Entre as muitas causas alegadas para a discriminação dos palestinos e dos demais estrangeiros (não judeus) em Israel atribui-se a "ameaça demográfica", um destaque especial, uma vez que a defesa do caráter judaico-sionista de Israel é consenso entre todos os sionistas. Diante desse modelo de "Estado judeu democrático", é sumariamente defendido que algumas medidas drásticas devem ser tomadas contra os imigrantes, sobretudo os da África, e os palestinos, nativos da região. Do contrário, haverá uma redução considerável da população judaica nas próximas décadas. Esse tipo de ameaça pôde ser comprovada, muito recentemente, em um programa de rádio em Israel, no qual o ministro do Interior, de maneira bastante alarmista, afirmou: "Eu quero que todos sejam capazes de andar pelas ruas sem medo ou receio... Os imigrantes estão prestes a dar à luz a centenas de milhares, e o sonho sionista está morrendo".

O desagrado da sociedade israelense com relação aos imigrantes do Sudão e da Eritreia tem sido demonstrado muito além das medidas judiciais

Durante a onda de violência física e verbal contra os refugiados africanos em Israel, muitos judeus etíopes sofreram com o racismo contra os negros. As manifestações racistas vêm desde o ano passado, quando houve uma grande incidência de atos de rua por parte da comunidade etíope, após algumas escolas se recusarem a matricular alunos etíopes e alguns condomínios proibirem o aluguel de apartamentos aos membros dessa comunidade.

Foi durante as perseguições aos africanos, naquele ano, que um advogado etíope teve a iniciativa de confeccionar algumas camisetas com os seguintes dizeres: "Cuidado, não sou infiltrado africano", com a estrela de Davi estampada em fundo amarelo. O que, por outro lado, desagradou muitos ativistas etíopes, sobretudo os integrantes do grupo Young Ethiopian Students (YES), os quais discordaram veementemente desse gesto, sob a alegação de que o slogan da camiseta passa a mensagem de que os judeus etíopes querem se diferenciar dos demais imigrantes africanos. O que, de certa forma, poderia legitimar todas as agressões cometidas.

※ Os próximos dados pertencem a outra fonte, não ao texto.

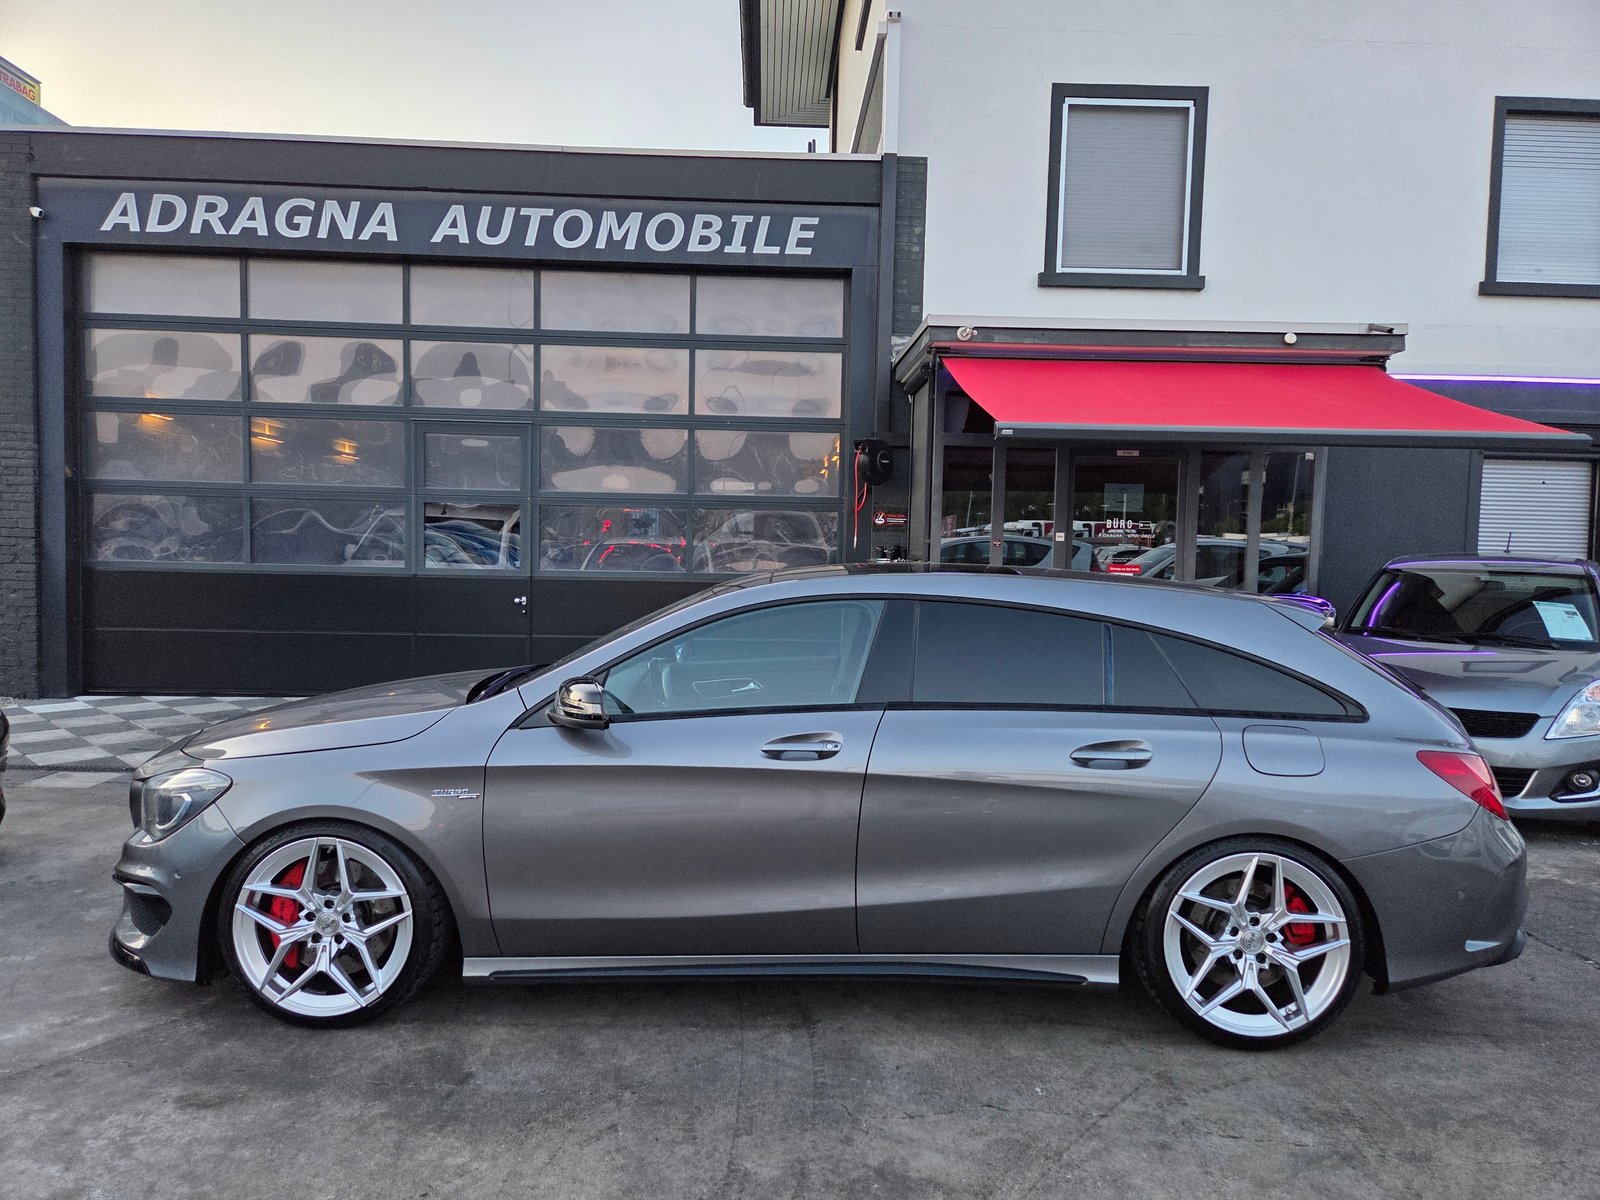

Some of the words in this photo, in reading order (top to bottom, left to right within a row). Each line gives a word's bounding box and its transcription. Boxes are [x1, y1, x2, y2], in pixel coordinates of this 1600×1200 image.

[100, 192, 398, 242] ADRAGNA
[430, 204, 820, 256] AUTOMOBILE
[1106, 518, 1133, 529] BÜRO

"Os líderes do governo, que chamam os refugiados de 'infiltradores de trabalho' e incitam os moradores contra eles, são os responsáveis pela violência"

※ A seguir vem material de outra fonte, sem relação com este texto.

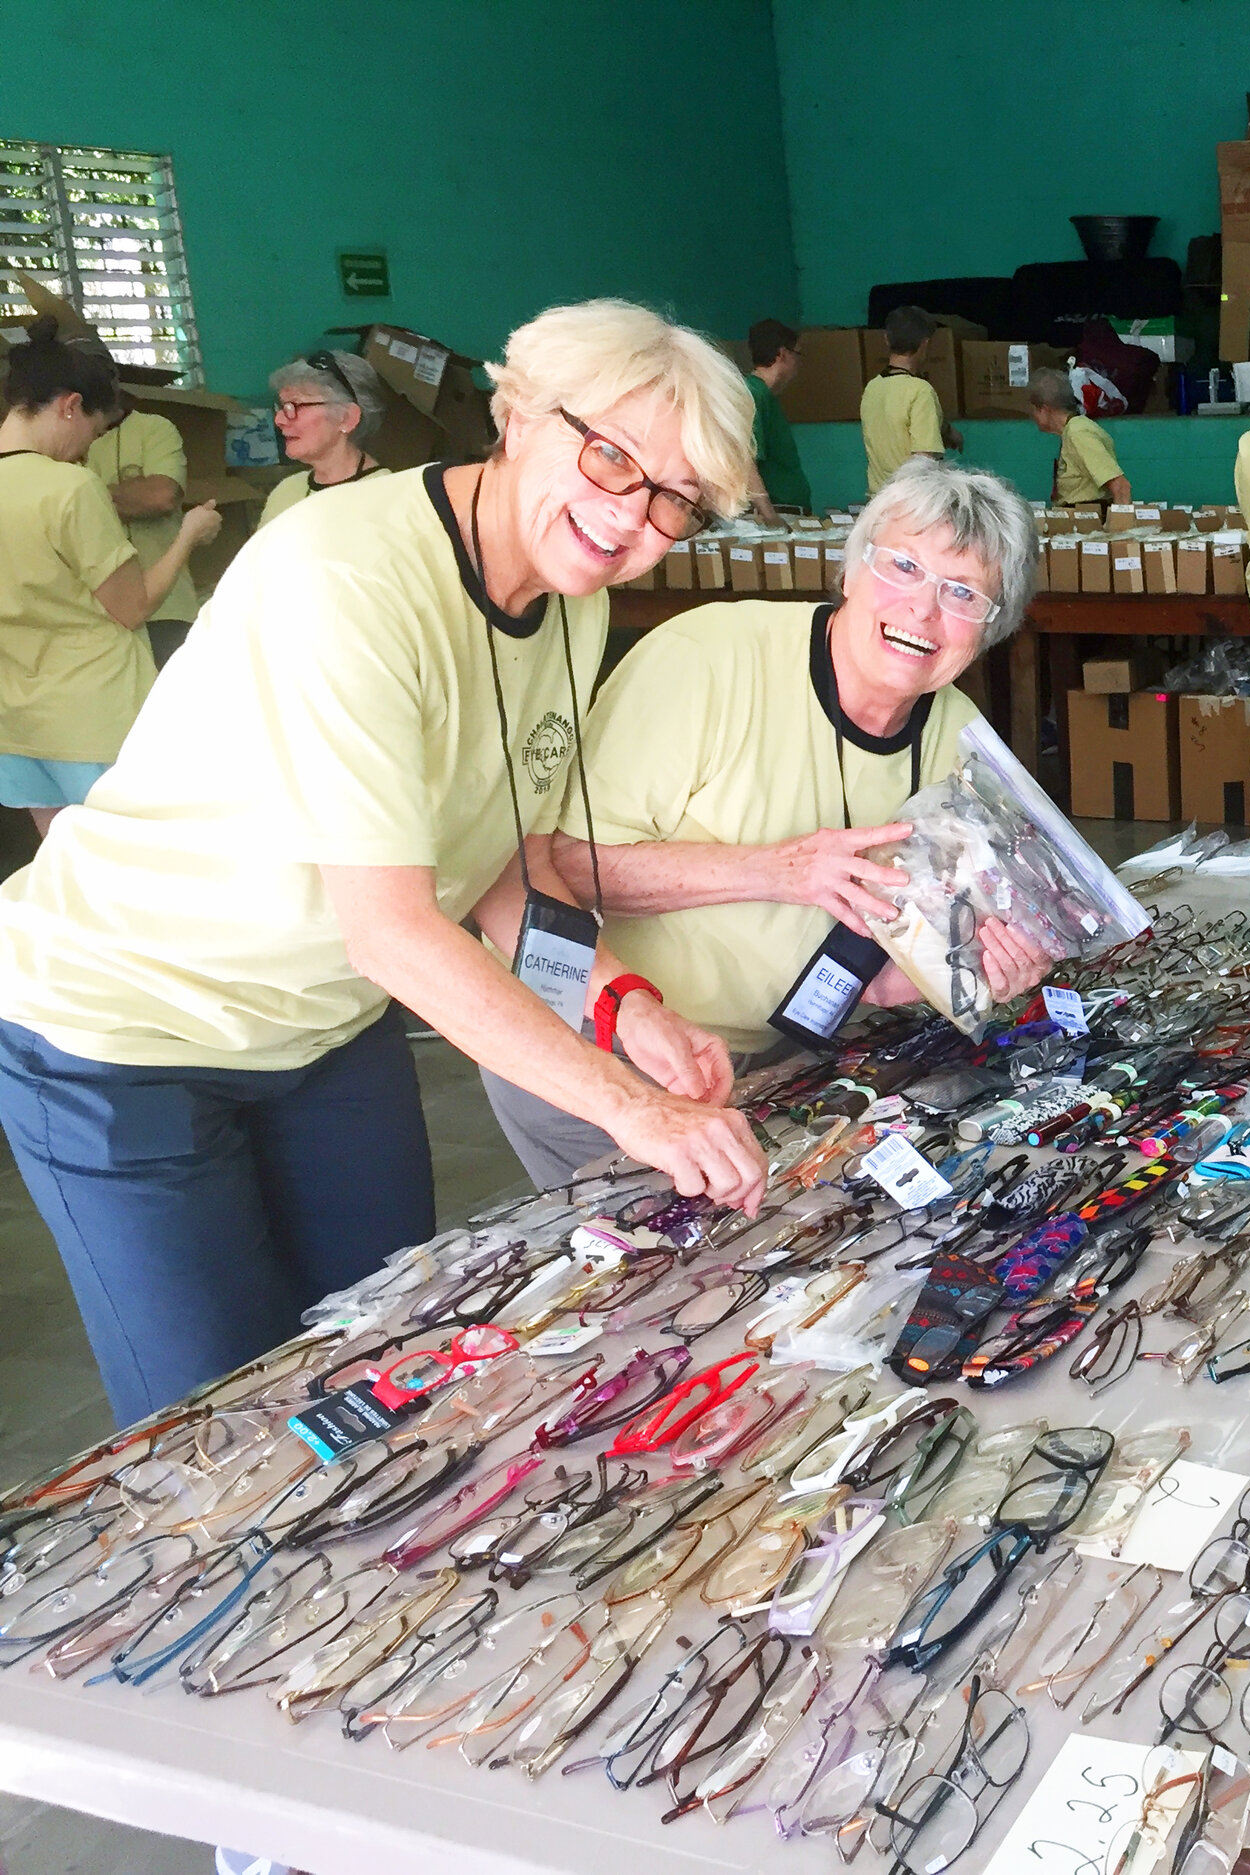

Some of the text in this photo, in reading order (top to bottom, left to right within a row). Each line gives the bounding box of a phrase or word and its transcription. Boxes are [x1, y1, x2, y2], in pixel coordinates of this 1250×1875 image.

[524, 953, 589, 984] CATHERINE
[294, 1423, 320, 1446] +2.00
[315, 1413, 353, 1446] Fashion

Passado pra que te quero: os terrores do holocausto

O genocídio cometido contra os judeus na Europa, representado por fotos e imagens das valas comuns nos campos de concentração e dos sobreviventes vagando em muitos países, após a Segunda Guerra Mundial, comoveu a opinião pública internacional. A emergência do "problema judeu" foi analisada por muitos jornalistas, escritores e acadêmicos no mundo todo, mas o retrato mais fiel da perseguição está presente na vasta obra de Hannah Arendt, sobretudo no artigo "We refugees". É nesse trabalho que Arendt destaca a definição de refugiado como sendo a daqueles que, como ela, foram impedidos de voltar a suas casas, não pelo que fizeram, mas justamente pelo que eram. Nesse relato, Arendt revela o sofrimento dos refugiados sob um ponto de vista bastante pessoal, quando publicamente clamou ao mundo:

"Nós perdemos nossas casas, o que significa a familiaridade da vida diária. Perdemos nossos empregos, o que significa a nossa confiança e utilidade no mundo. Nós perdemos a nossa língua, o que significa a espontaneidade, a simplicidade dos gestos, as expressões de sentimentos não afetados. Deixamos nossos familiares nos ghettos poloneses e os nossos melhores amigos foram mortos nos campos de concentração, o que significa a ruptura da nossa vida privada." A extensão do problema gerado pela grande quantidade de refugiados e a vontade de retornar a seus lares levou muitos a acreditar que, assim que Hitler fosse finalmente rendido e a guerra terminasse, todos poderiam voltar a suas casas e a sua rotina. À medida em que percebiam que a solução não seria tão simples, muitos refugiados tornaram-se "lutadores constantes", nas palavras de Arendt, que, no auge do desespero, costumavam "desejar a morte dos nossos amigos e parentes, pois, quando algum refugiado morre, ele está salvo de todos os seus problemas". Muito embora para a religião judaica o suicídio seja bastante condenável, o índice de suicídios entre os judeus em Berlim, Viena, Bucareste, Paris, Nova York, Los Angeles, Buenos Aires e Montevidéu era muito alto.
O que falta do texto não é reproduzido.